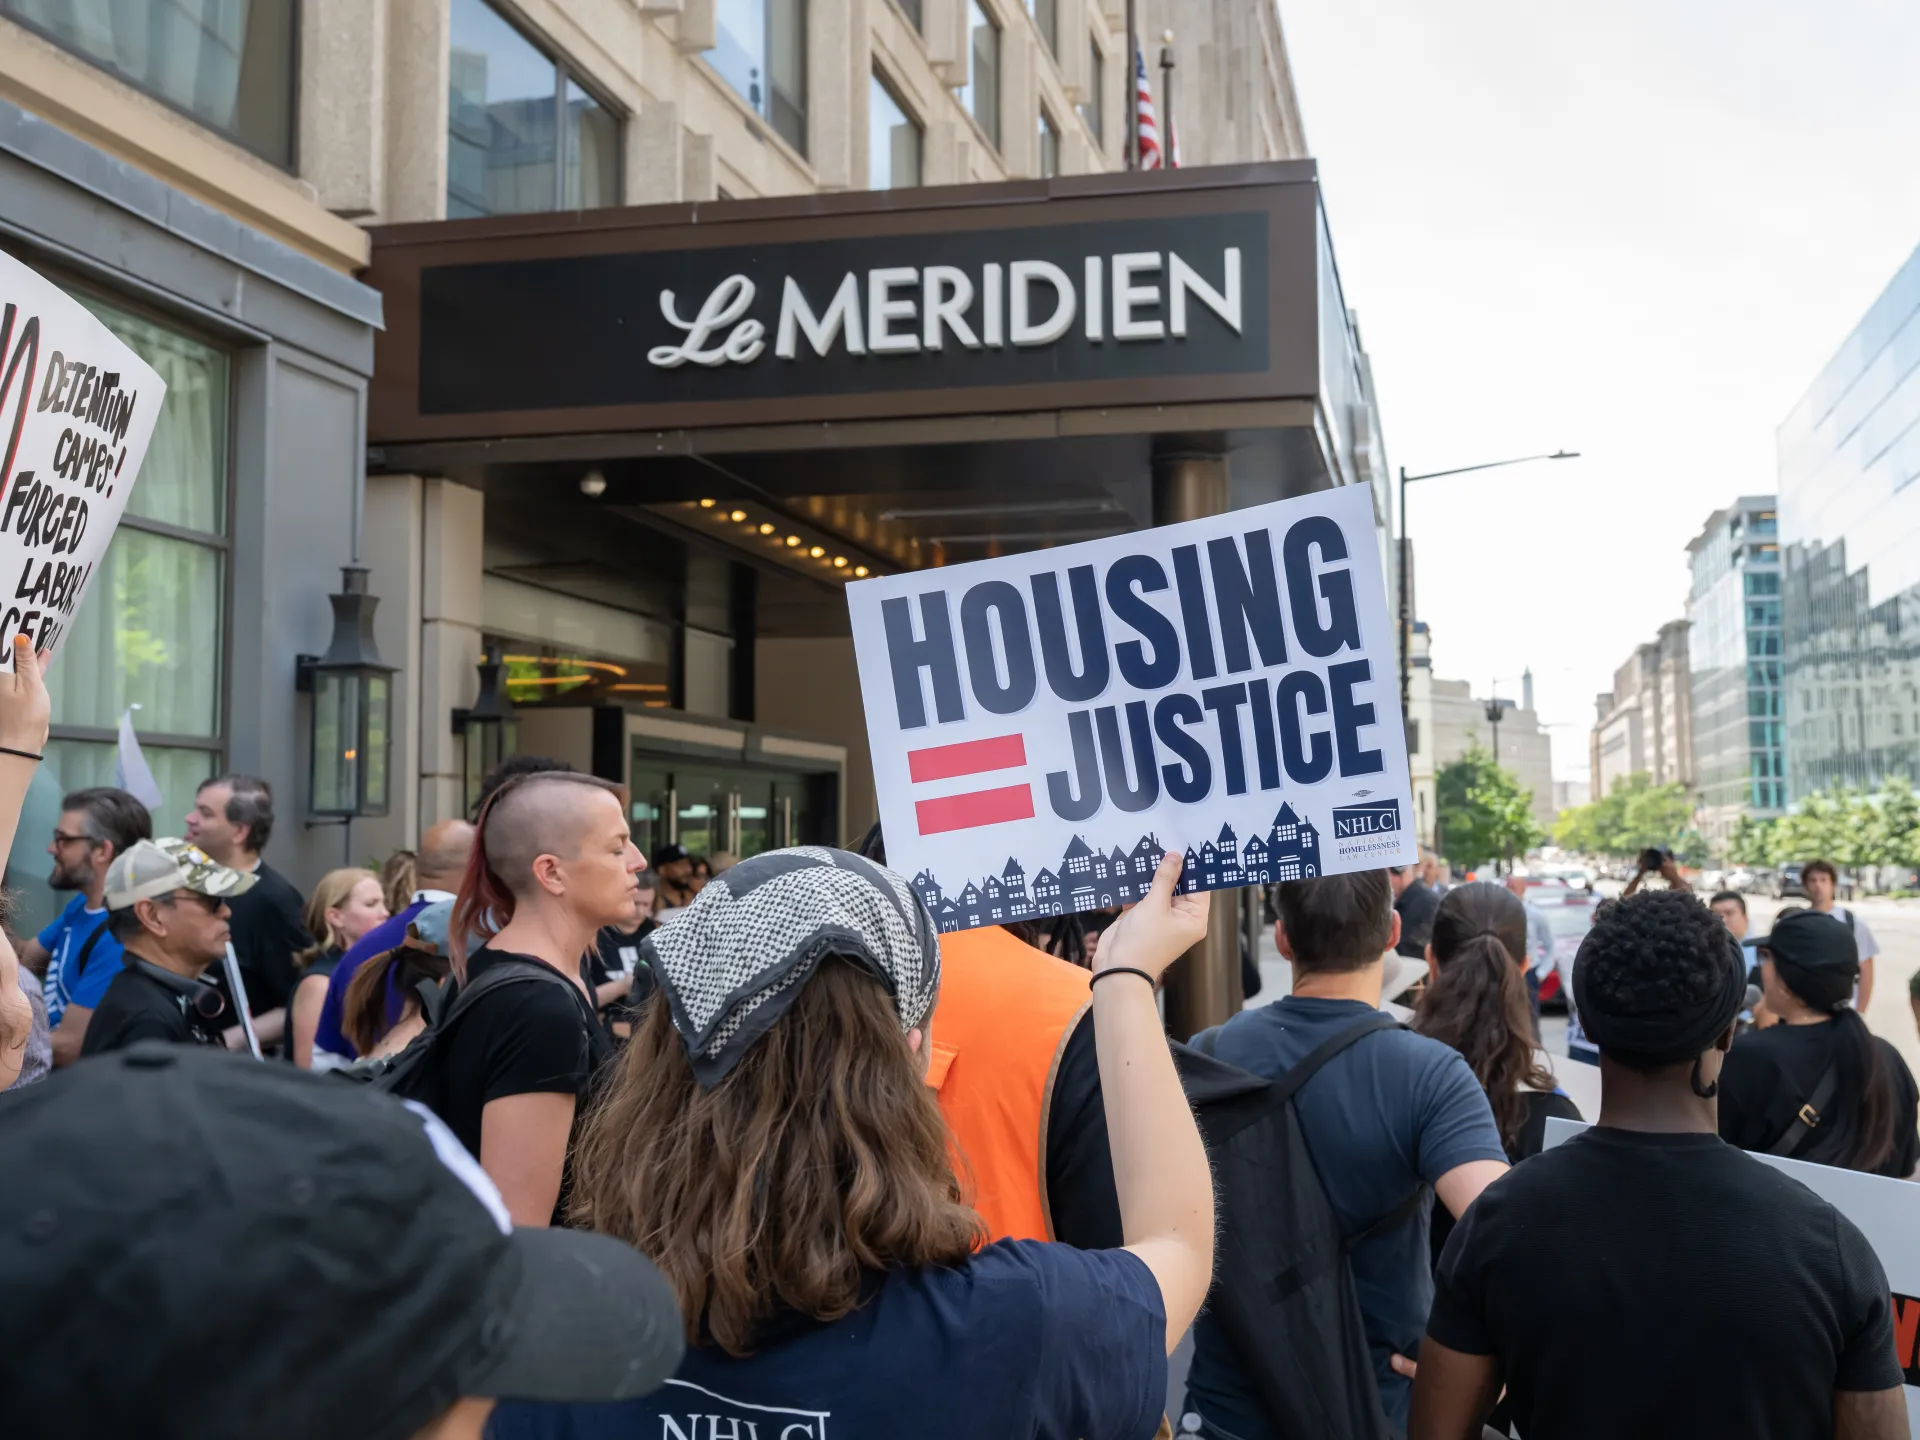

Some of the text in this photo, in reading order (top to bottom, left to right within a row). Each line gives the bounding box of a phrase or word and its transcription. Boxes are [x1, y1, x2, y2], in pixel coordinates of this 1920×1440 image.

[647, 247, 1242, 368] Le MERIDIEN
[37, 350, 137, 447] DETENTION
[53, 427, 127, 499] CAMPS!
[0, 471, 88, 555] FORCED
[881, 516, 1362, 730] HOUSING
[1046, 659, 1385, 823] JUSTICE
[1336, 812, 1394, 836] NHLC
[1338, 833, 1401, 847] NATIONAL
[1339, 840, 1400, 855] HOMELESSNESS
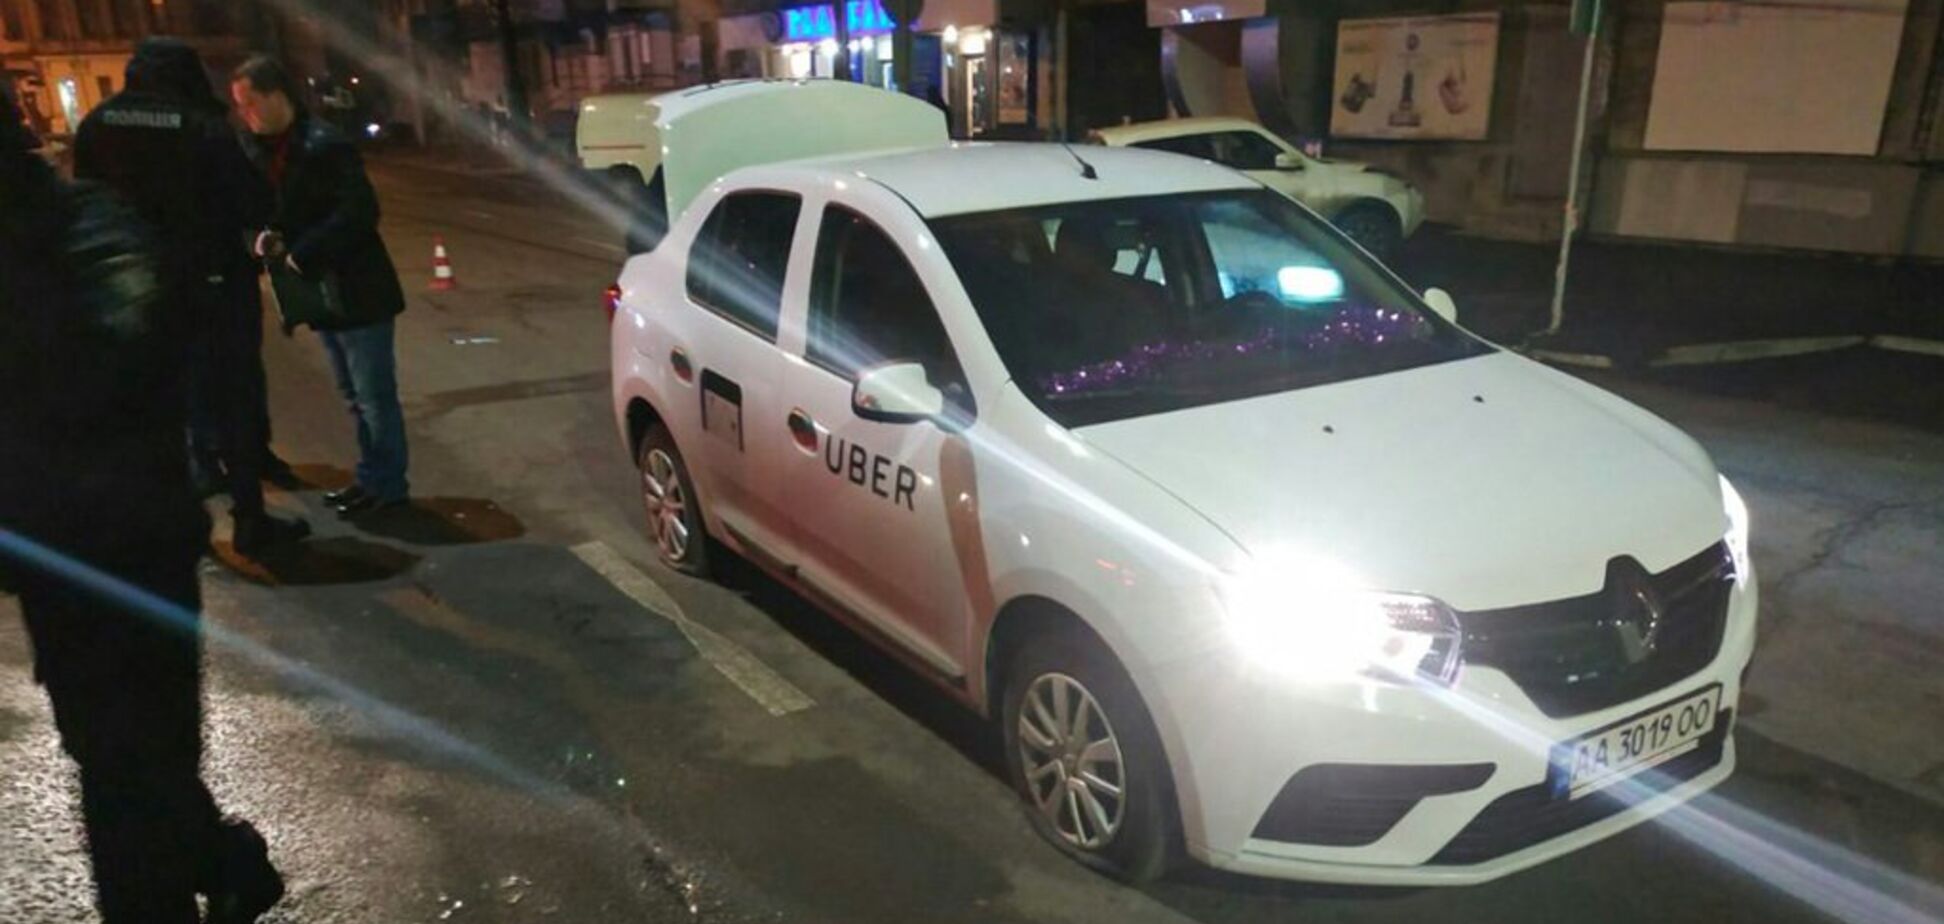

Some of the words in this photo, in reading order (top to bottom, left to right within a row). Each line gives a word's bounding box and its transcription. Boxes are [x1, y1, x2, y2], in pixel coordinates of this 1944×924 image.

[825, 434, 917, 511] UBER
[1572, 738, 1609, 780] AA
[1619, 713, 1673, 761] 3019
[1677, 698, 1711, 736] OO
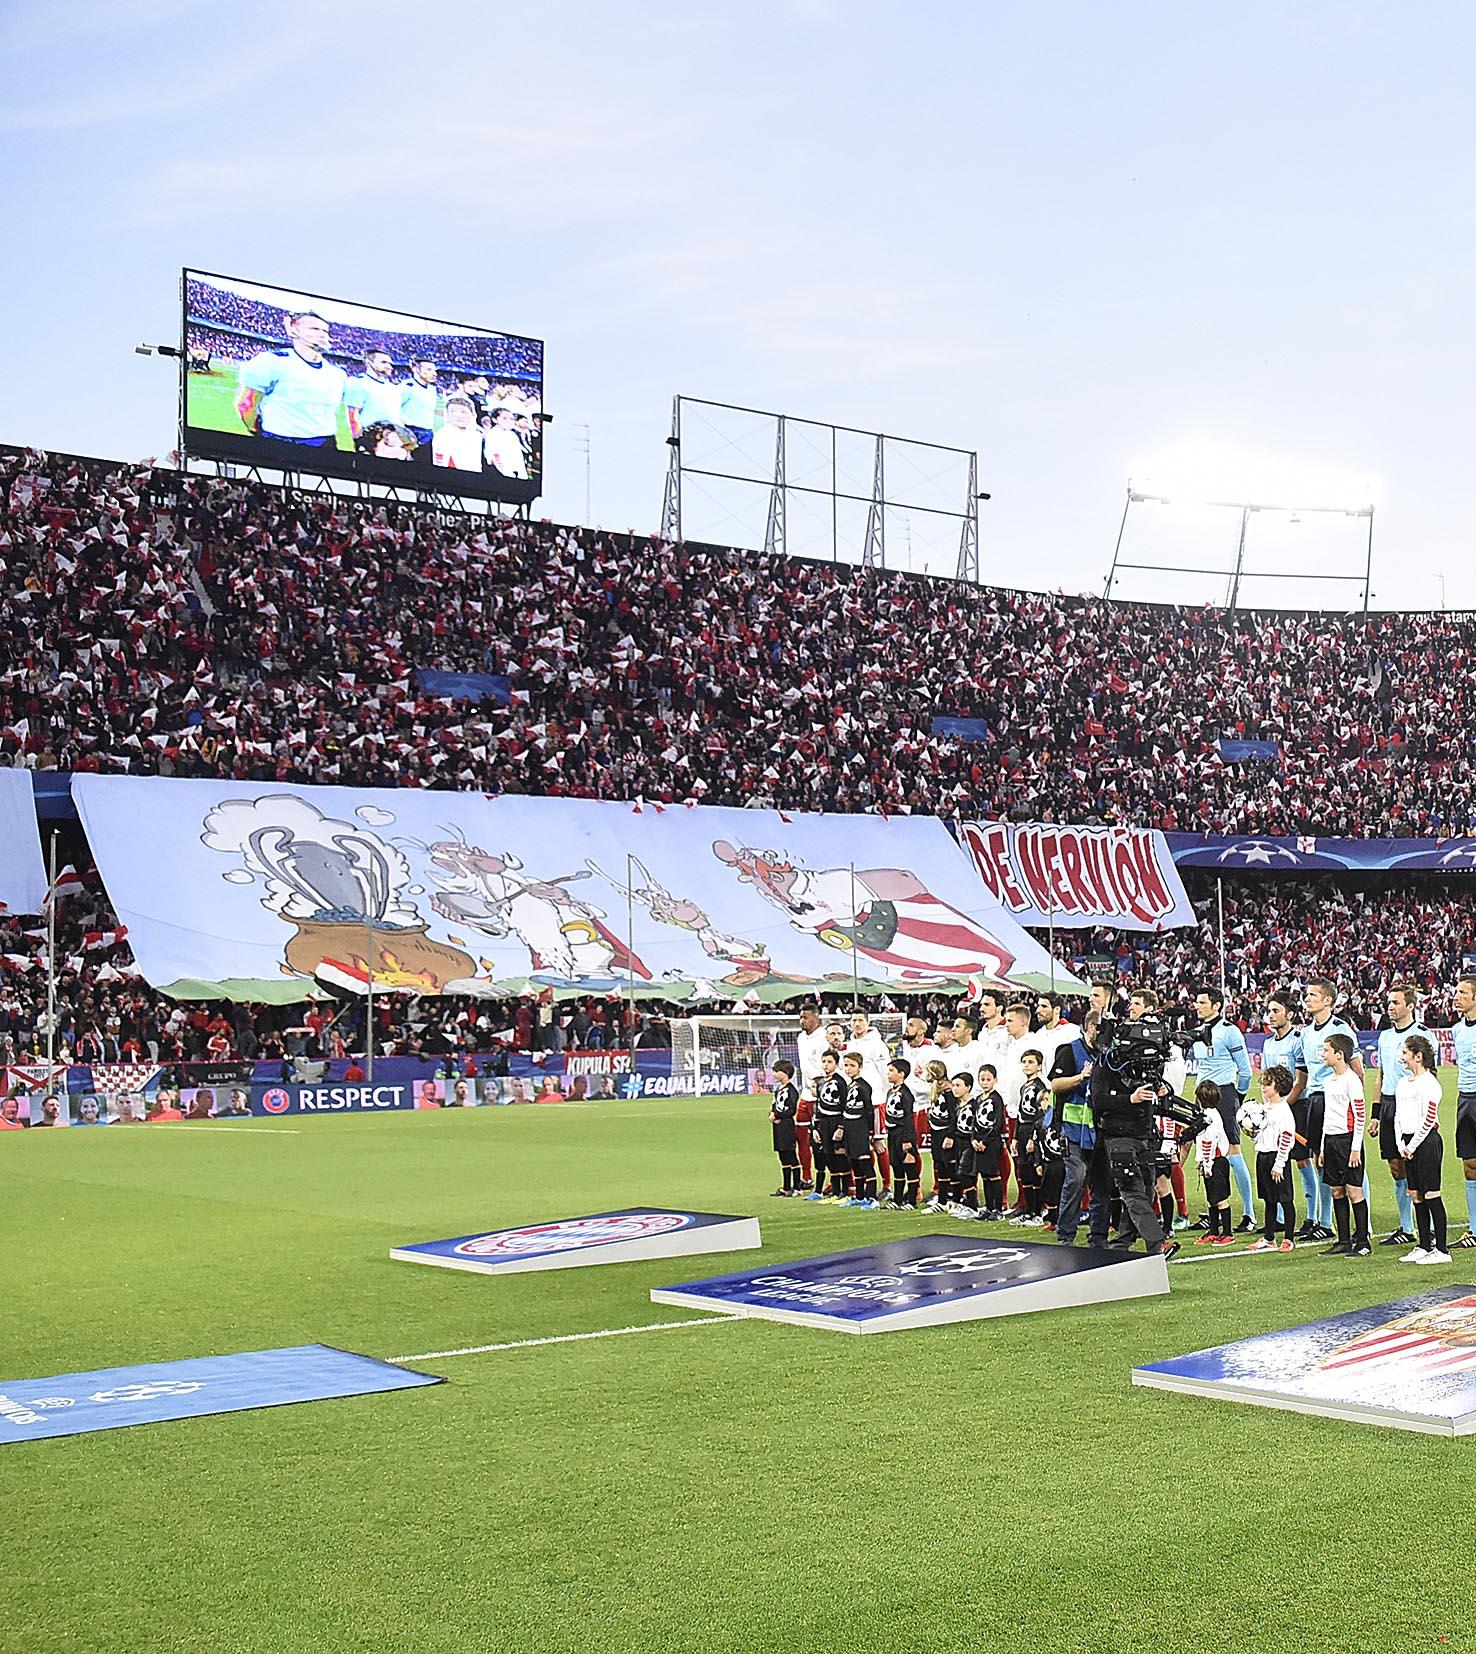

What you are asked to do -
Repeat word for word, and nothing more, the lines between the line containing "Some of the words" and the last line of the records above, inclusive, without pictures.

Solution to the exercise -
Some of the words in this photo, in reading order (top to bottom, left to right within a row). Each line gives a word's bounding box and its transcription. Boxes are [x1, y1, x2, y2], in pixel coordinates of this 1944×924 image.

[825, 434, 917, 511] UBER
[1572, 738, 1609, 780] AA
[1619, 713, 1673, 761] 3019
[1677, 698, 1711, 736] OO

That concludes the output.